About this exercise → Return each record word for word, keeping none of its pictures.

Data provided →
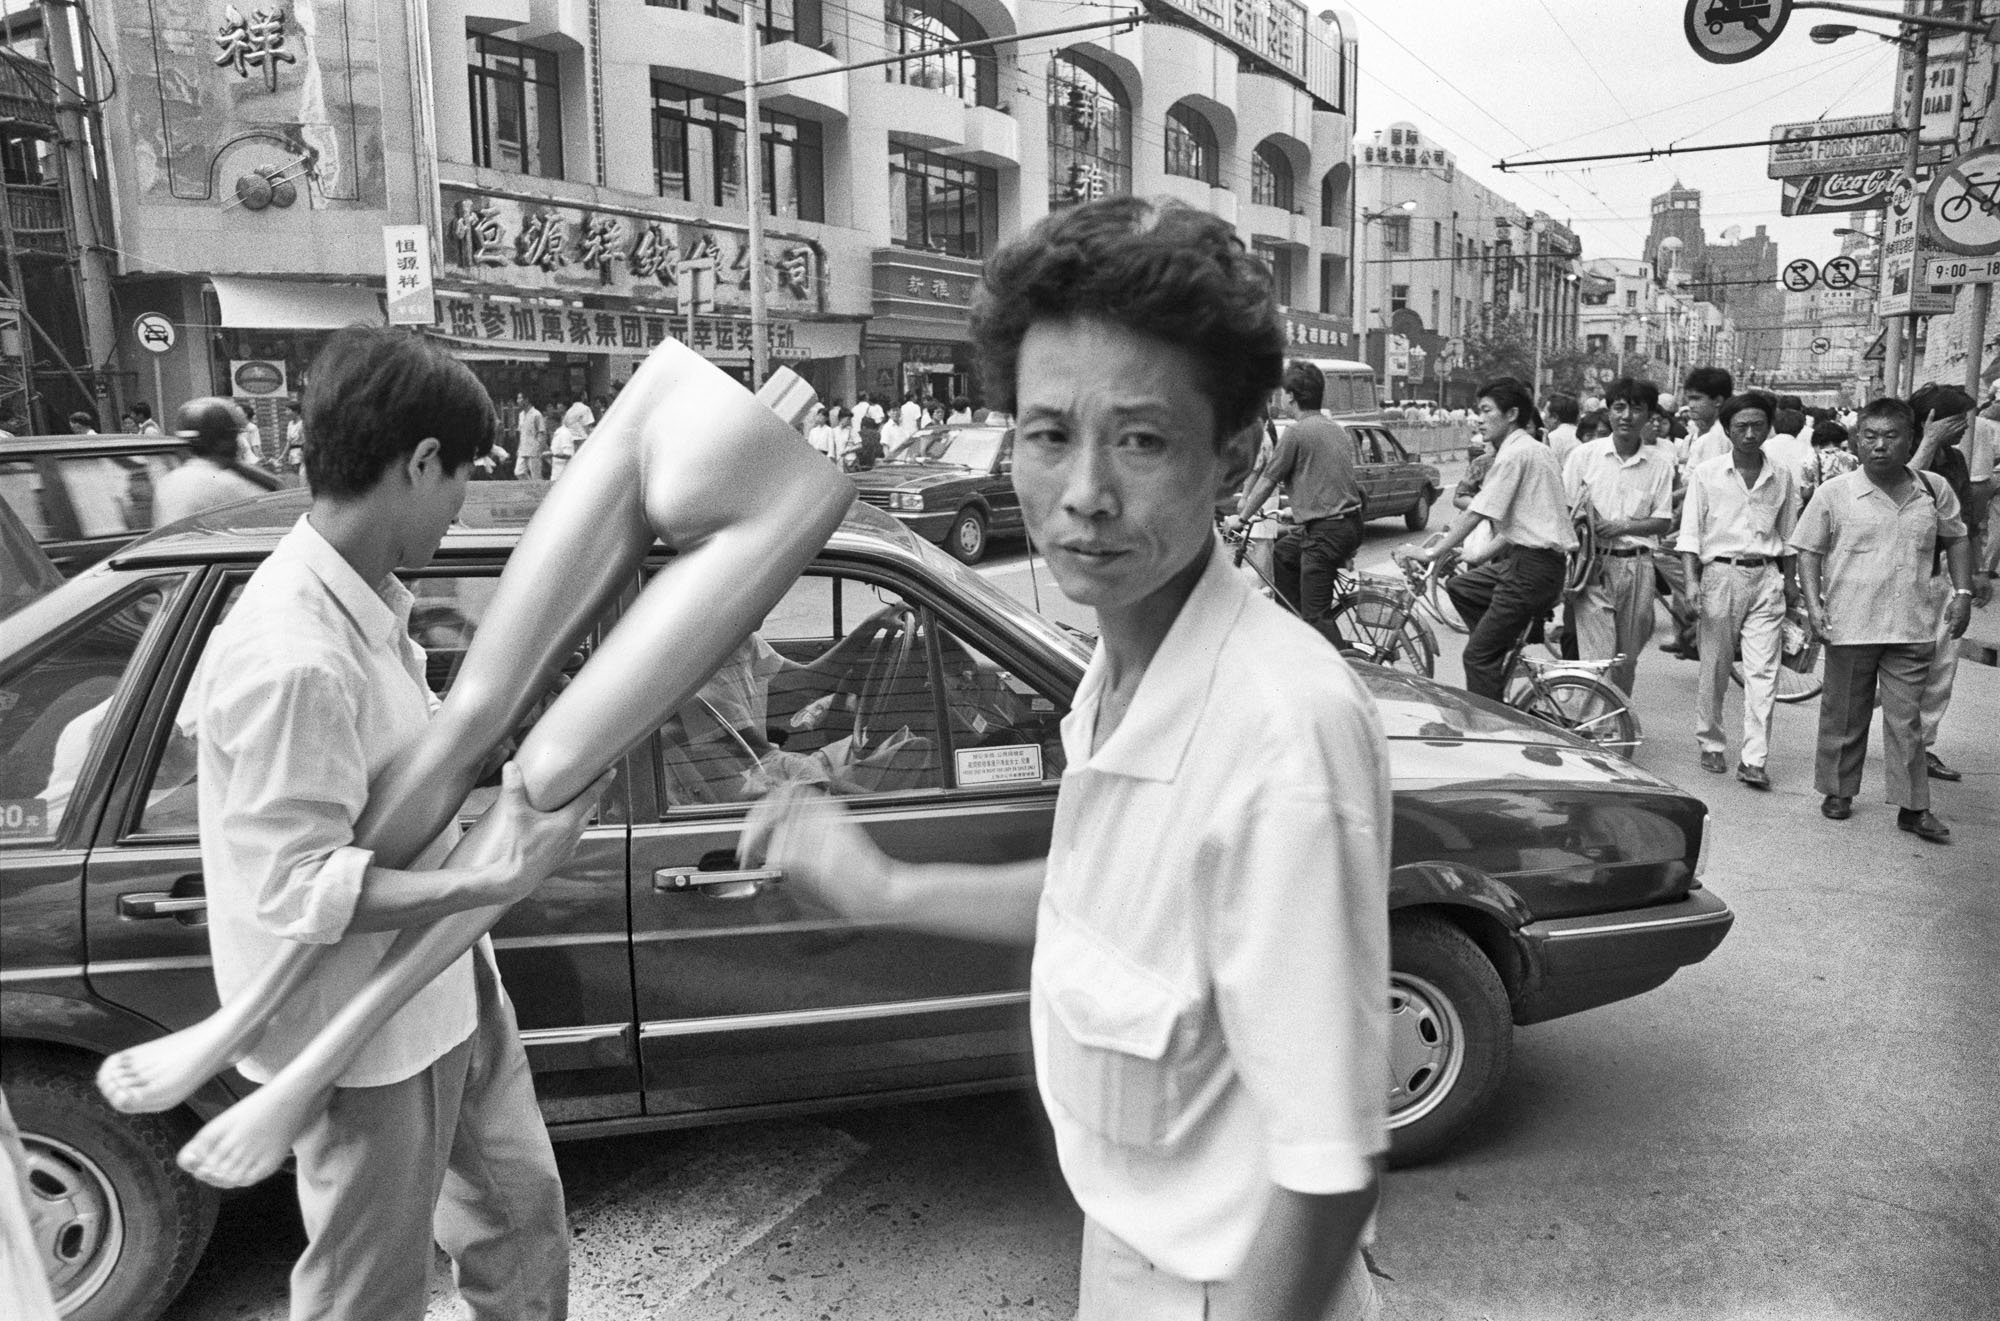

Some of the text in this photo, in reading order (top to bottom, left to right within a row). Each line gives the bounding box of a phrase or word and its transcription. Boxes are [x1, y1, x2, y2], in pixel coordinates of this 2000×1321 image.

[214, 4, 297, 93] 祥
[1818, 138, 1852, 159] FOODS
[1823, 170, 1902, 198] Coca-Col
[396, 239, 420, 289] 恒源祥
[434, 298, 794, 350] 您参加萬象集团萬元幸运奖动
[0, 804, 40, 828] 0元

Reply to the task →
Some of the text in this photo, in reading order (top to bottom, left to right within a row). Each line gives the bounding box of a phrase or word and its transcription. Boxes are [x1, y1, x2, y2], in pixel coordinates of this 2000×1321 image.

[214, 4, 297, 93] 祥
[1818, 138, 1852, 159] FOODS
[1823, 170, 1902, 198] Coca-Col
[396, 239, 420, 289] 恒源祥
[434, 298, 794, 350] 您参加萬象集团萬元幸运奖动
[0, 804, 40, 828] 0元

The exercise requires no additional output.